Two weeks after the meet Hagino swam at the Japanese Intercollegiate Championships where he took home multiple golds, and even swam a few best times. He bettered his 200m IM performance from Pan Pacs with a new national record of 1:55.33. He backed up his 400m IM with a 4:09.62, bettered his 200 free to a sub 1:46 and swam a 48.76 100m freestyle lead-off.
His season was far from over however as he was slated to swim at the 2014 Asian Games as well, and once again had a very heavy schedule of events to contend with. In Incheon, South Korea he swam all the events he did at the Pan Pacs plus both backstrokes, taking home a medal in each event.
The 200m freestyle was one of his greatest wins of the Games as he took down both Chinese swimming star Sun Yang and 2014 Pan Pac 200 free winner Taehwan Park. Yang and Park led at the 150m mark but it was Hagino who turned on the gas during the last 50 and get them both with a 1:45.23 over Yang’s 1:45.28. Park finished a fair amount behind the two in 1:45.85.
He came second to Sun Yang in the 400m freestyle with a 3:44.48, almost identical to the time he swam at Pan Pacs.
His medley swims were arguably his best of the meet as he took gold in both. In the 200 he was a 1:55.34 to fall just one one-hundredth short of his new national record from the Japanese Intercollegiate Championships. In the 400 he was a 4:07.75, slightly faster than he was at Japanese Nationals in April.
He went on to take home a bronze in both backstroke events, and a gold in the 4x200m freestyle relay. He ended the meet with seven medals which included six individual ones, and four golds.
Hagino ended his year at the 2014 Short Course World Championships where he took gold in the 200m IM and silver in the 400m IM.
Hagino’s versatility and ability to swim best times and world-leading times at multiple stages during the year are what made him the key candidate for Asian male swimmer of the year. He put up world-class times at five different competitions during 2014, set numerous national records, and created an incredible medal haul to really break out onto the world stage as a swimmer who could win multiple golds.
Surely Hagino is emerging as one of the best multi-event swimmers in the world. Hagino is also just 20 years old, and has a long successful career ahead of him. He’s similar to Michael Phelps in the sense that Phelps started focusing on a multi-event program at the age of 18. Hagino, in the same range is truly beginning to start a Phelpsian-like program.
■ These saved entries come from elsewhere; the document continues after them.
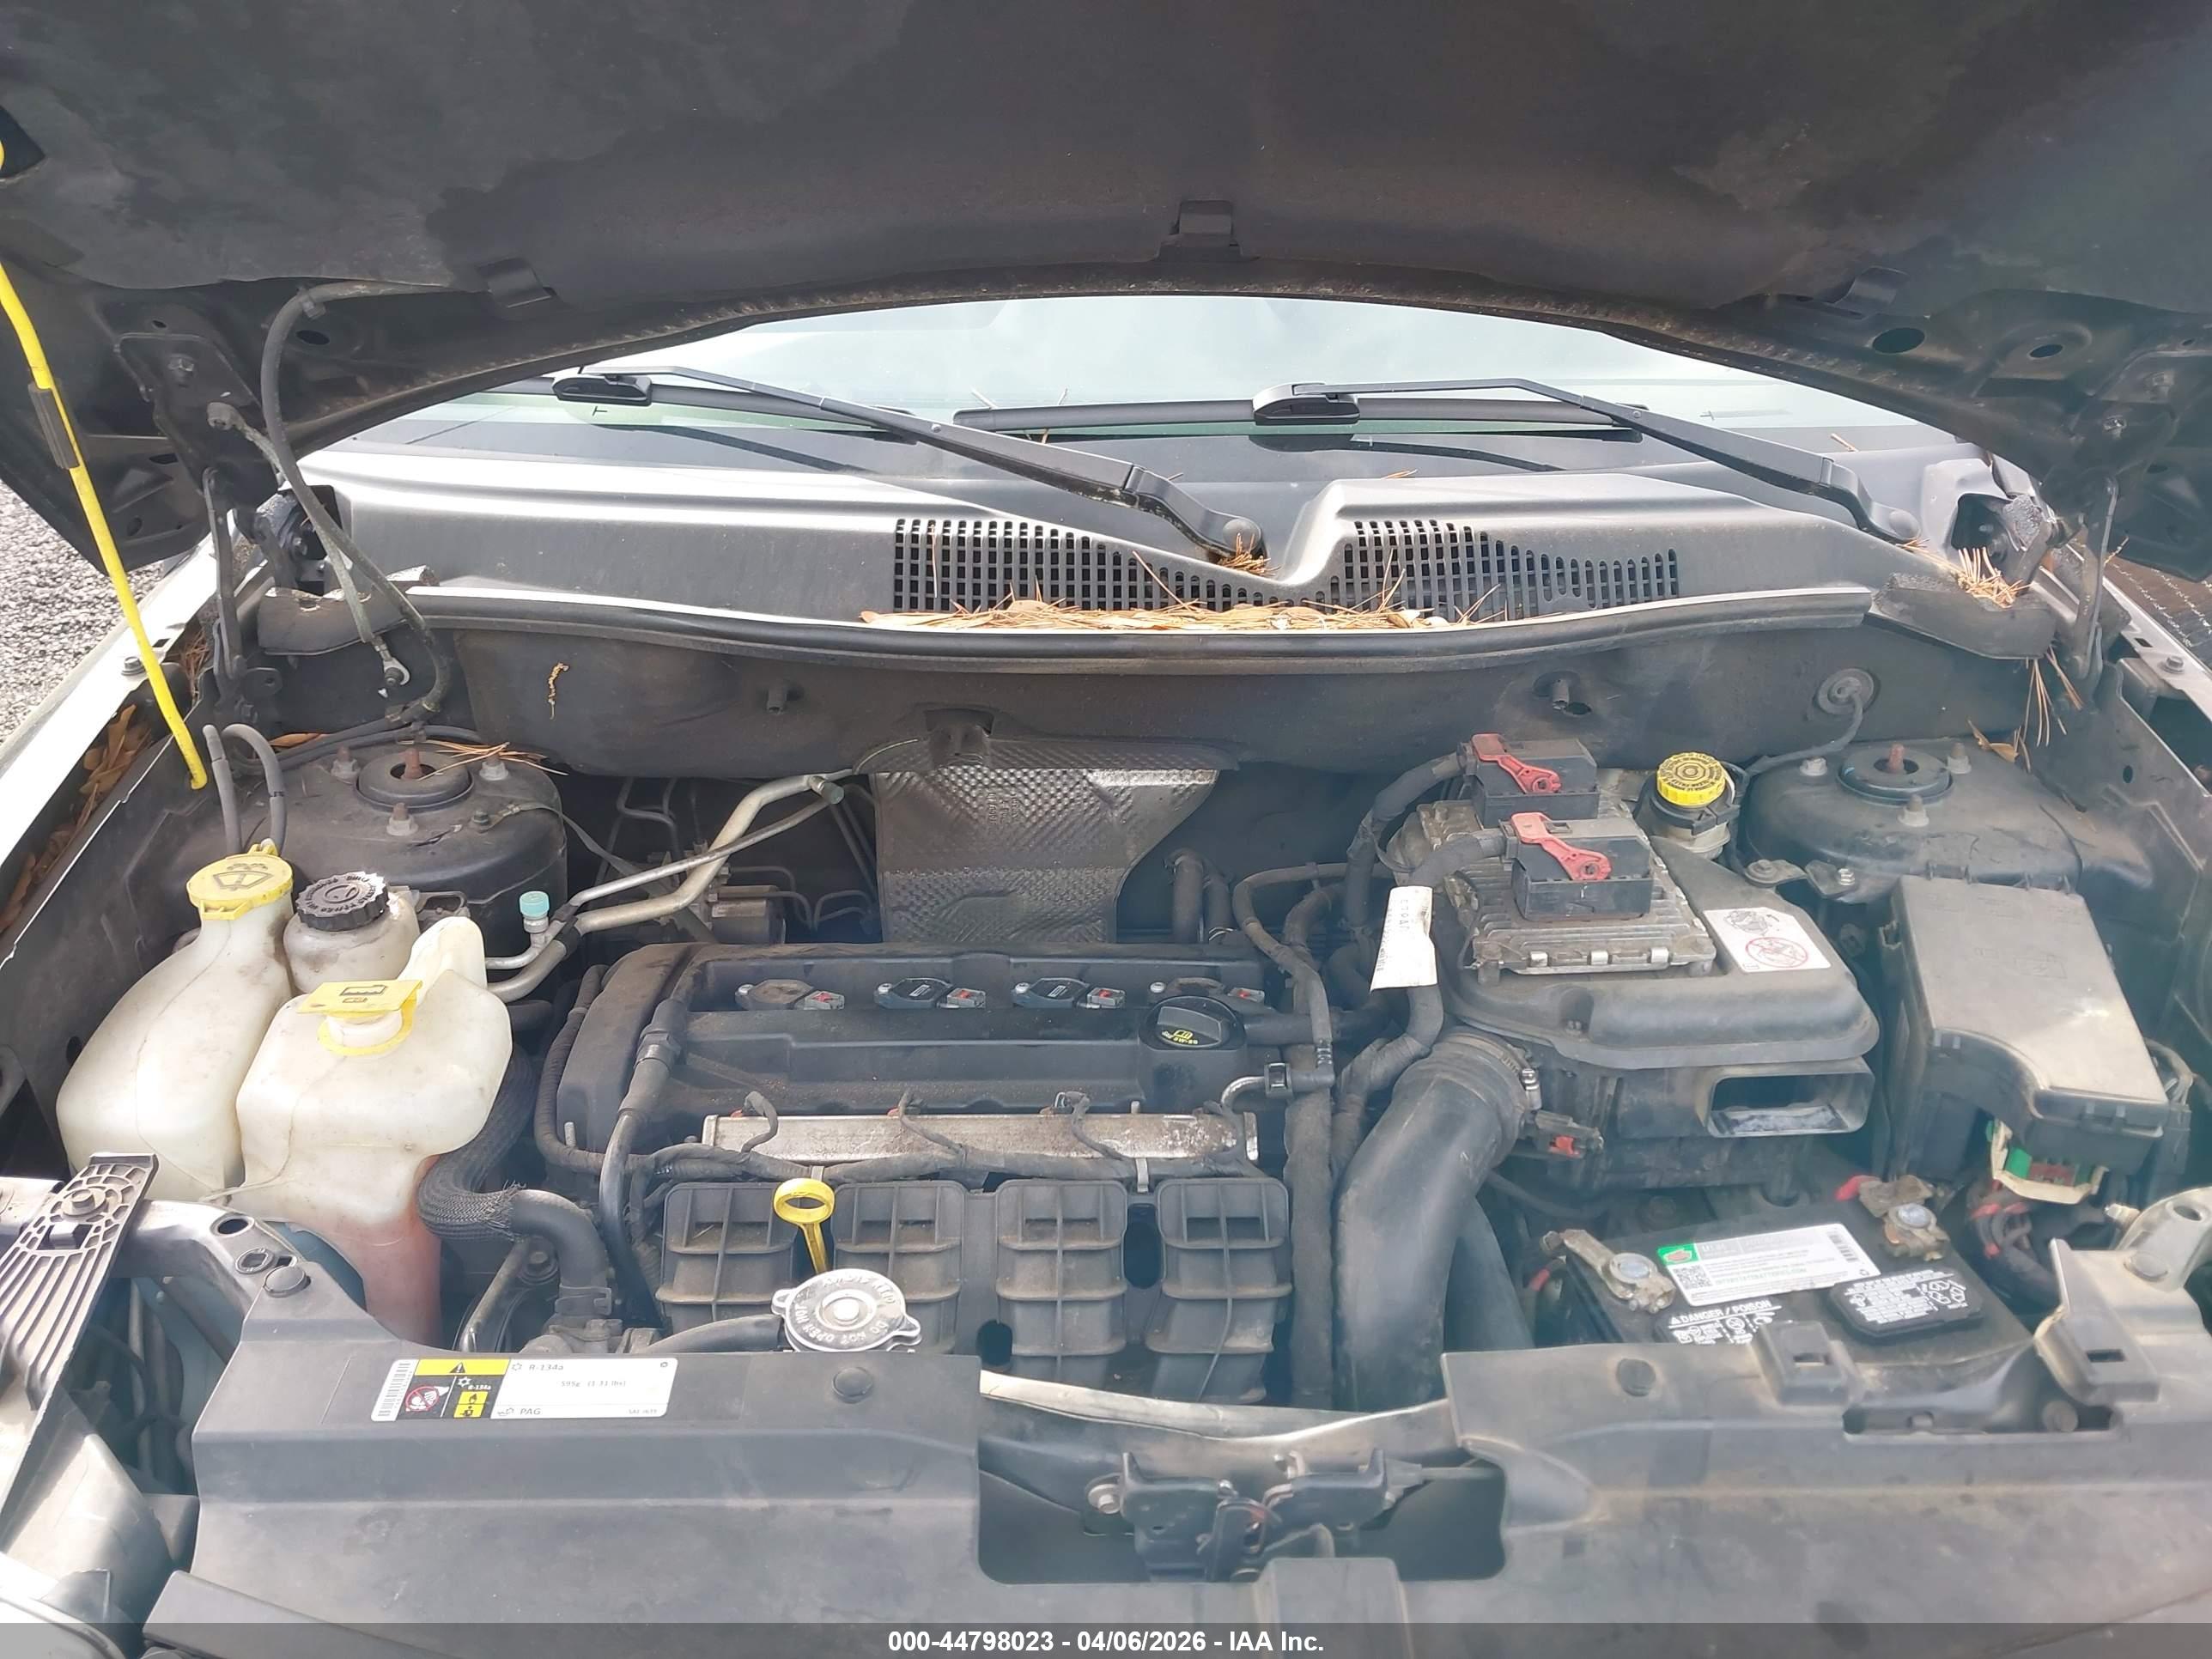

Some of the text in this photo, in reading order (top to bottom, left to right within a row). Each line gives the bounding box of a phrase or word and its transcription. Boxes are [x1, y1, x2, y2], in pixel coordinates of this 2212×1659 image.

[1680, 1309, 1723, 1323] DANGER
[1732, 1300, 1771, 1313] POISON
[794, 1304, 890, 1346] DO NOT OPEN HOT
[520, 1407, 541, 1416] PAG
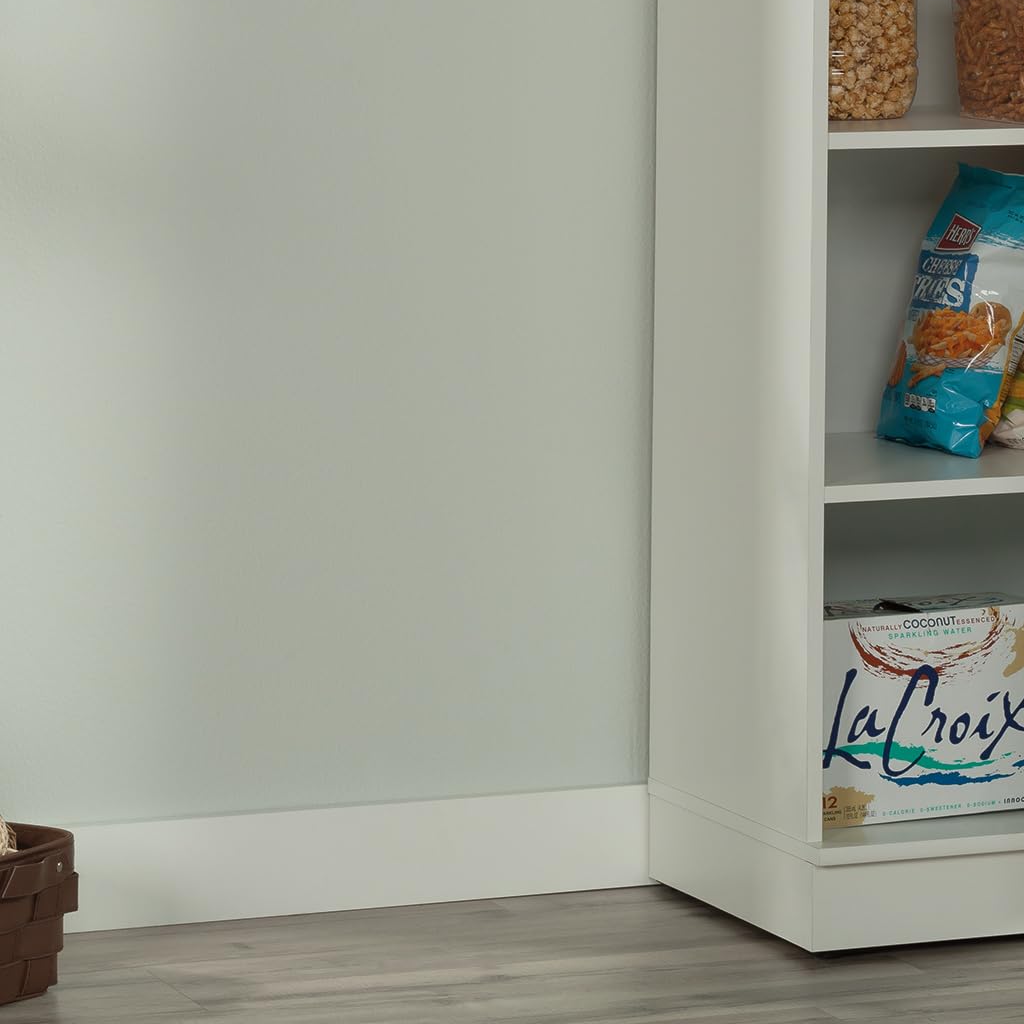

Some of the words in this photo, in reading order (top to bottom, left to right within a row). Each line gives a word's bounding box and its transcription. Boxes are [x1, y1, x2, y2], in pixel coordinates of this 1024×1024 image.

[945, 223, 976, 246] HERR'S
[862, 623, 902, 633] NATURALLY
[903, 616, 956, 630] COCONUT
[956, 617, 995, 626] ESSENCED
[888, 629, 939, 640] SPARKLING
[943, 626, 972, 636] WATER
[822, 796, 838, 809] 12
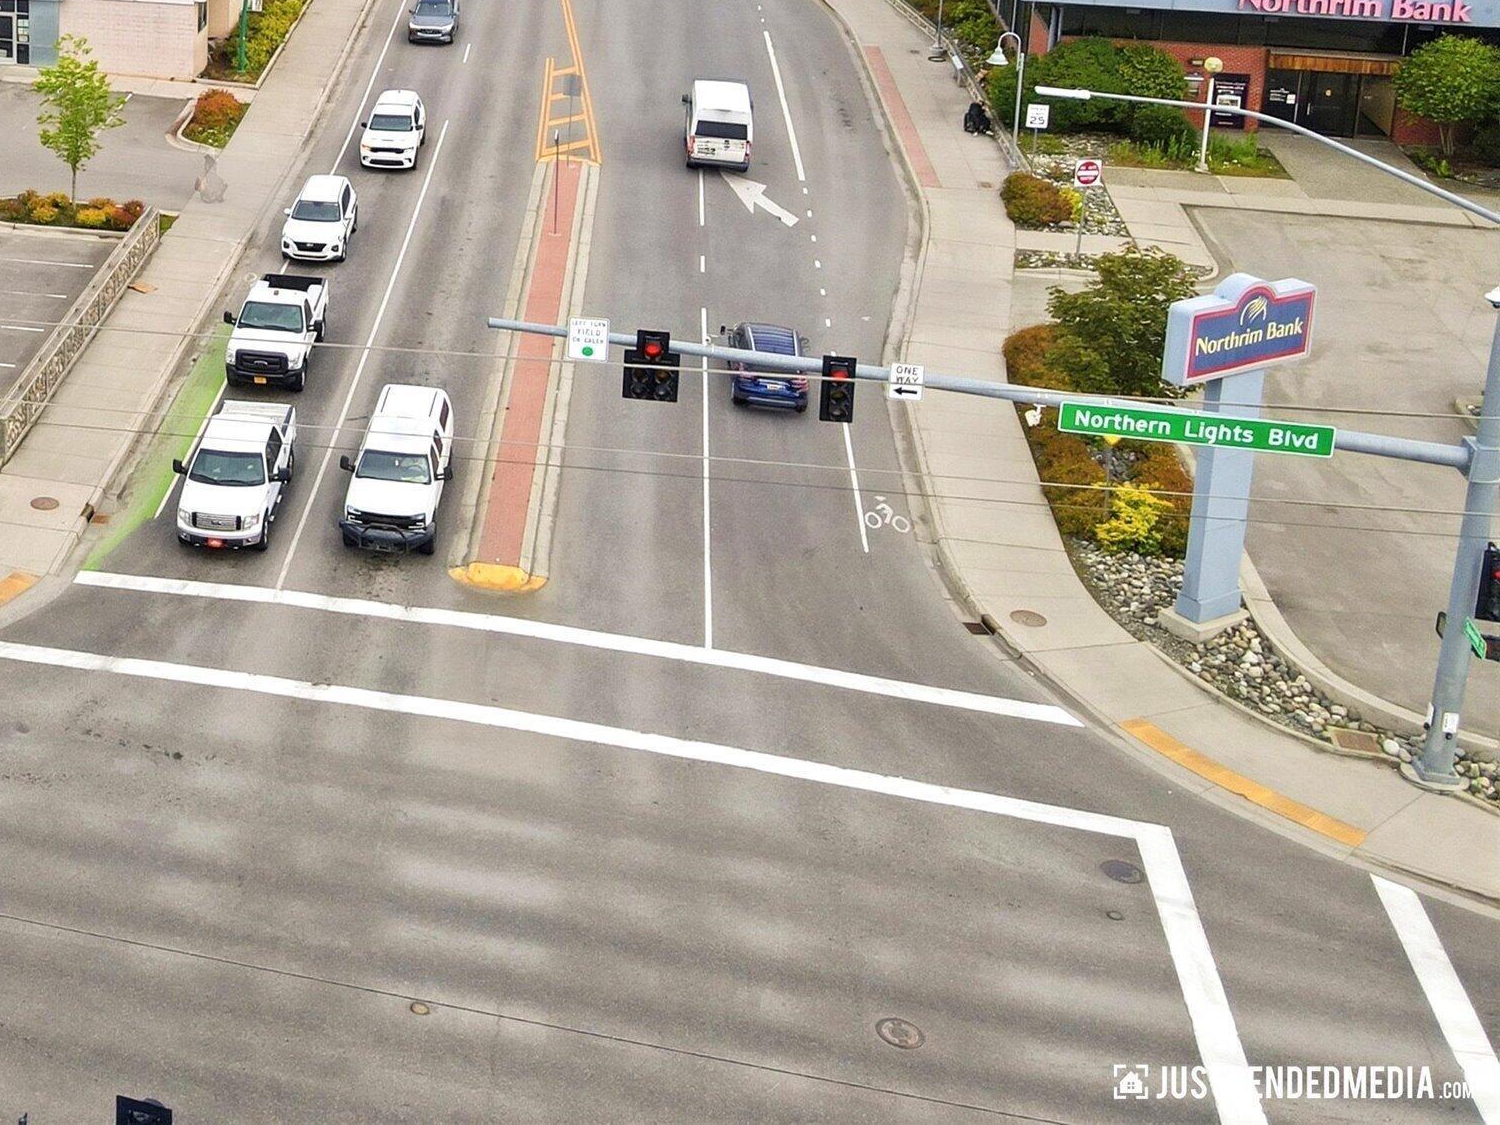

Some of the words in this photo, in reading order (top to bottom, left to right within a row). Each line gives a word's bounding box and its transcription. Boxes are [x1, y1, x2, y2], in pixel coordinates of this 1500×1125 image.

[1029, 115, 1046, 125] 25
[1195, 327, 1263, 357] Northrim
[1266, 316, 1304, 340] Bank
[896, 365, 919, 376] ONE
[1074, 408, 1171, 436] Northern
[1184, 419, 1254, 445] Lights
[1268, 428, 1319, 450] Blvd
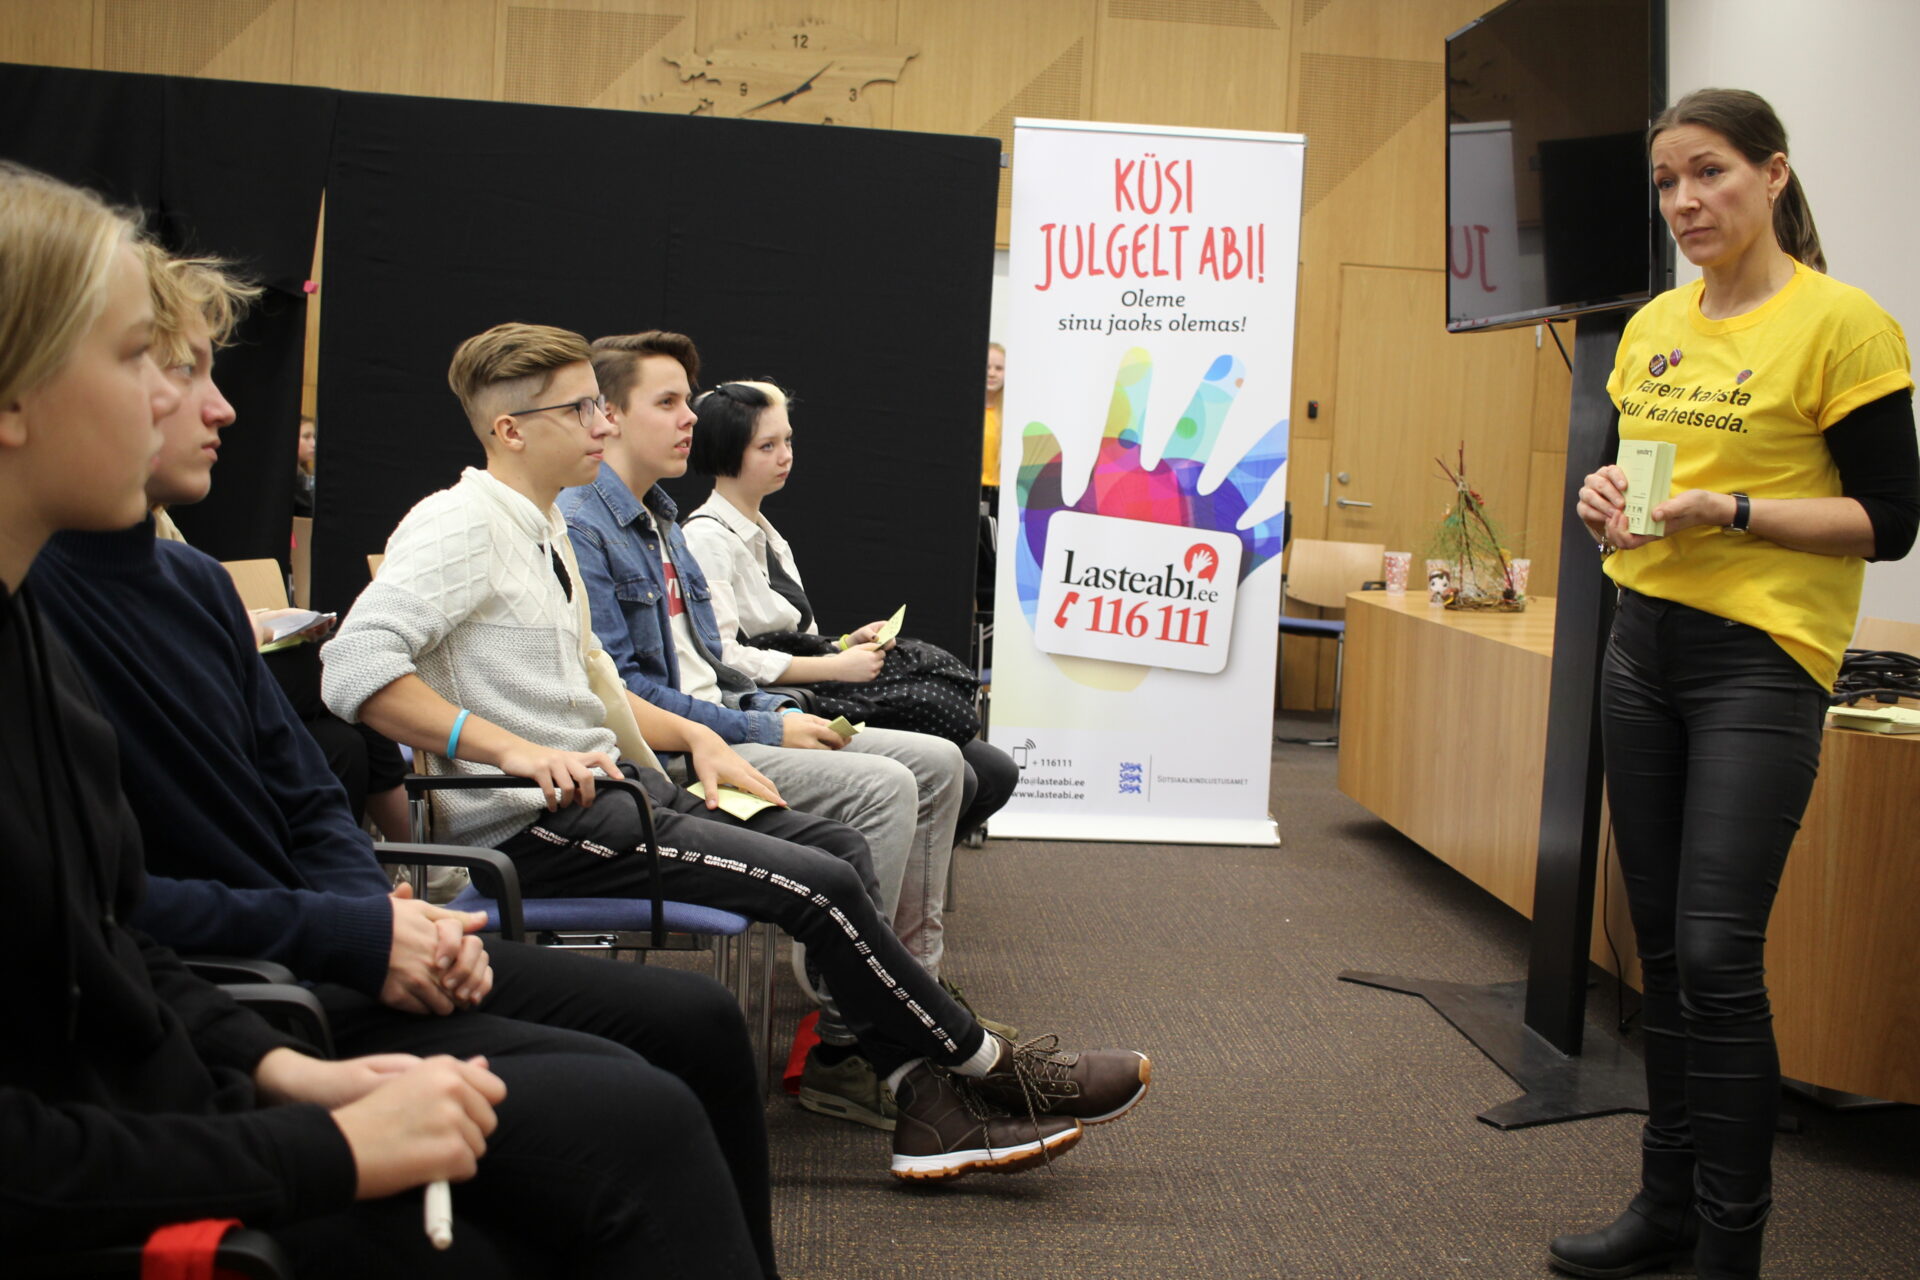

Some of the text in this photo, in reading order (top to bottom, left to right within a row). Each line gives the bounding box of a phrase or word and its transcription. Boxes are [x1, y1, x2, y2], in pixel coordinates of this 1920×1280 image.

[792, 35, 808, 49] 12
[849, 88, 858, 102] 3
[1115, 152, 1193, 214] KÜSI
[1034, 222, 1265, 291] JULGELT ABI!
[1121, 289, 1186, 308] Oleme
[1058, 312, 1247, 336] sinu jaoks olemas!
[1621, 396, 1748, 434] kui kahetseda.
[1060, 549, 1219, 603] Lasteabi.ee
[1084, 595, 1210, 647] 116 111
[1041, 758, 1073, 767] 116111
With most swimmers hitting their prime around the age of 24, there’s plenty of success in store for Hagino. When some of the stars of this generation of swimming retire, it will truly be Hagino’s reign as one of the kings of multi-event swimming.
In no particular order
- Daiya Seto – Seto won two medals at the 2014 Pan Pacific Championships with a victory in the 200m butterfly and the 200m IM. He was very solid at Japanese trials in early April and competed successfully with some of Japan’s top swimmers. Most recently at the 2014 Short Course World Championships he came home with two new national records including a brilliant 3:56.33 in the 400m IM and a 1:48.92 in the 200. Both swims also counted as Asian Records.
- Ning Zetao – Zetao rocked a very quick 100m freestyle to set a new Asian record in the event at the 2014 Asian Games. He was a 47.70 to win the event, which counted for one of his four gold medals. Zetao also demonstrated his sprinting prowess in the 50 free where he won in 21.95 and was also a winner of the Chinese 4x100m free and 4x100m medley relays. Recently he re-broke the Asian record with a 47.65 in the 100m freestyle at Chinese Nationals in October.
- Dimitry Balandin – Balandin was not a name people knew before the 2014 Asian Games, but following it, breaststrokers around the world added him to their radar. He came out of left field to sweep the breaststroke events at the Games for Kazakhstan. All of his swims were new games’ records and extremely impressive. In the 50 he was a 27.78, in the 100 he was a 59.92, and in the 200 where he swam one of the best races of the meet he was a wicked 2:07.67 for the win and one of the best times in the world that the season.